Sergison Bates has won the contest to overhaul and extend the 1970s town library and museum of cultural history in Bulle, in the Swiss Canton of Fribourg
Working with long-term collaborators Geneva-based Jaccaud Spicher Architectes Associés, the practice was chosen for the Musée Gruérien from a 10-strong shortlist following a two-stage competition.
The other contenders included London’s Tony Fretton Architects, Bakker & Blanc architectes from Lausanne and Majorca-based TEd’A arquitectes.
The original building opened in 1972 and was first extended in 2002, but since then visitor numbers have increased.
As well as revamping the existing structure, the scheme includes a series of new, low-rise pavilions, mainly constructed from timber.
Museum director Isabelle Raboud-Schüle said: ‘It’s a sensible project. The architects understood the need for continuity while innovating. With this project we keep the spirit, but we dare to grow. It’s not a question of signalling our identity by planting a 50m totem pole. There is no spectacular architectural gesture here.
The architects understood the need for continuity while innovating
’There is the will to think about people, about how they can best move around.
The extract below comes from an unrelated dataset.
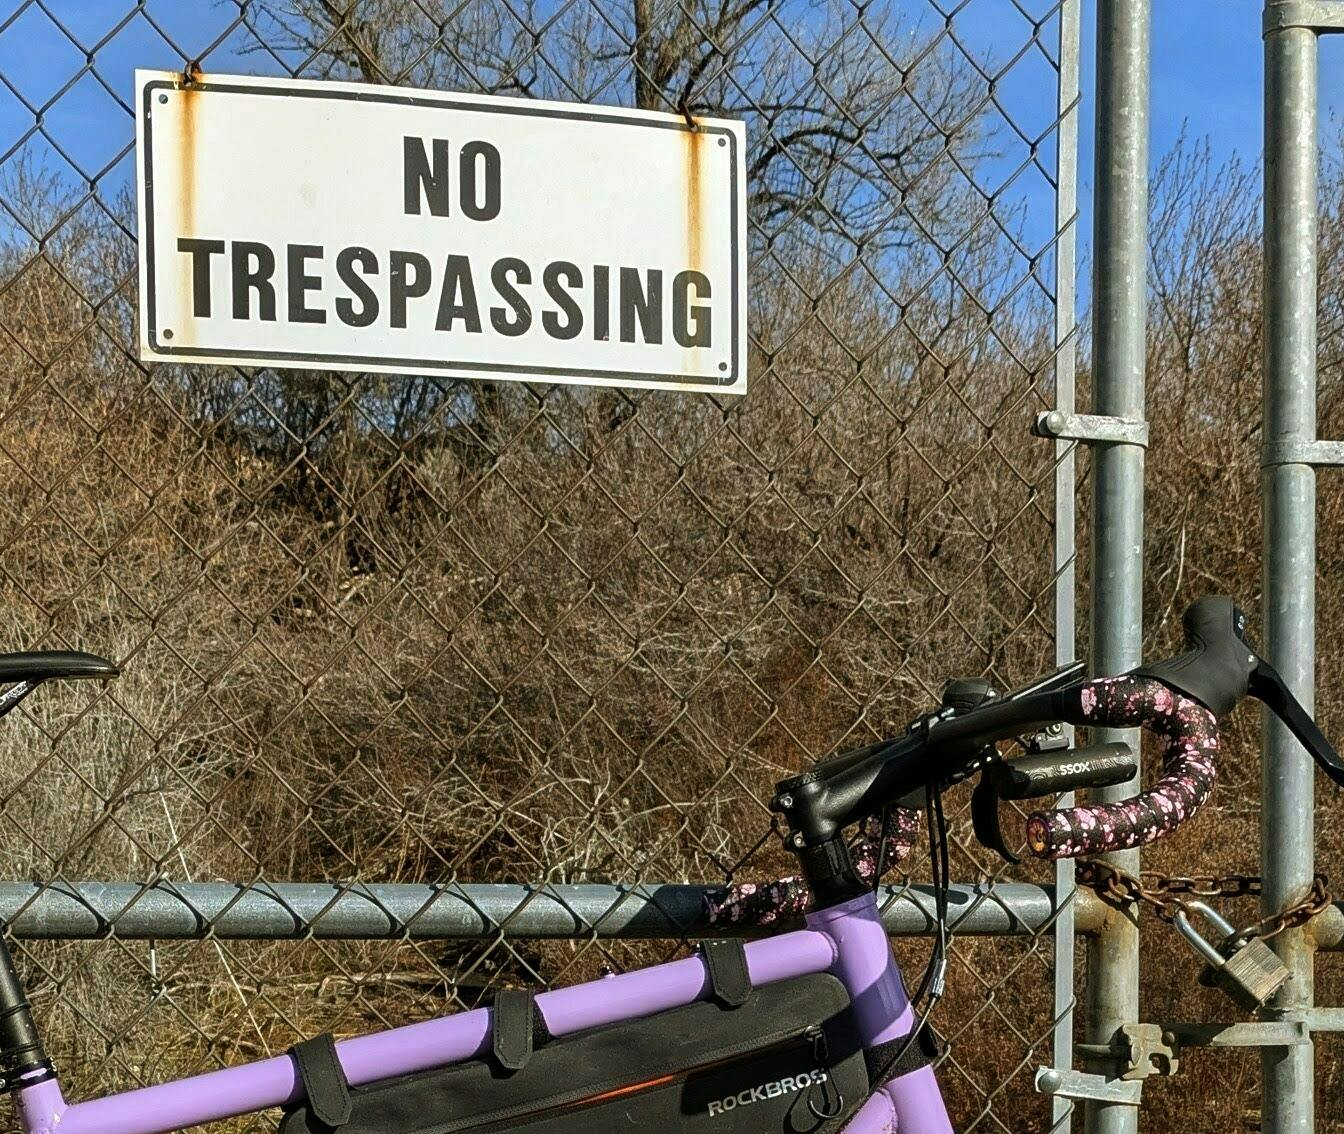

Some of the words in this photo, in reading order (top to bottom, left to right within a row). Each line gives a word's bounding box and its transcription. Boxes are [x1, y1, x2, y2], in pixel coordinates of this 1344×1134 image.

[403, 136, 501, 221] NO
[177, 238, 712, 349] TRESPASSING
[707, 1069, 828, 1117] ROCKBROS
The museum and the library welcome some 110,000 people every year, and we have to keep that anthill in mind while creating a more comfortable, more generous space.’
Jonathan Sergison, of Sergison Bates architects added: ‘We have a responsibility in relation to what already exists. Our proposal is an exercise in reusing, reconfiguring and subtly reinventing what we found. It adopts the grammar of the existing building and extends it by adding peripheral volumes, so that it grows into a new entity.’
A future timescale is not yet known.
Sergison bates sketch
The project proposes a reconfiguration of the existing volume into a composition that is uniform in its expression but articulated into pavilions to house a complex programme that includes museum facilities, a public library, temporary exhibition spaces and public access areas.
The composition of volumes reflects the complexity of the interior program and the history of a place which is particularly symbolic for the town of Bulle. The horizontal emphasis of the ensemble integrates the town’s medieval castle into a new skyline, embedding it into the surrounding landscape.
From the entrance on the ground floor visitors are offered various routes through the building. The generous transitional space at the threshold of the museum lend itself to being used as a museum shop, a café, or for the temporary display of museographic items. Visible form the street, it is a showcase for the public and passers-by.
The roof provides an orientation grid, pierced by the large skylights that indicate routes through the building, creating an inner landscape that structures the experience of the whole, while highlighting individual elements.
The dominance of timber as a structural material offers a durable solution and will characterise the interior spaces, giving them a strong, warm presence, the materiality of the roof and of the external surface echoes that of the original building, creating a subtle shift between the memory of the existing place and its reconfiguration.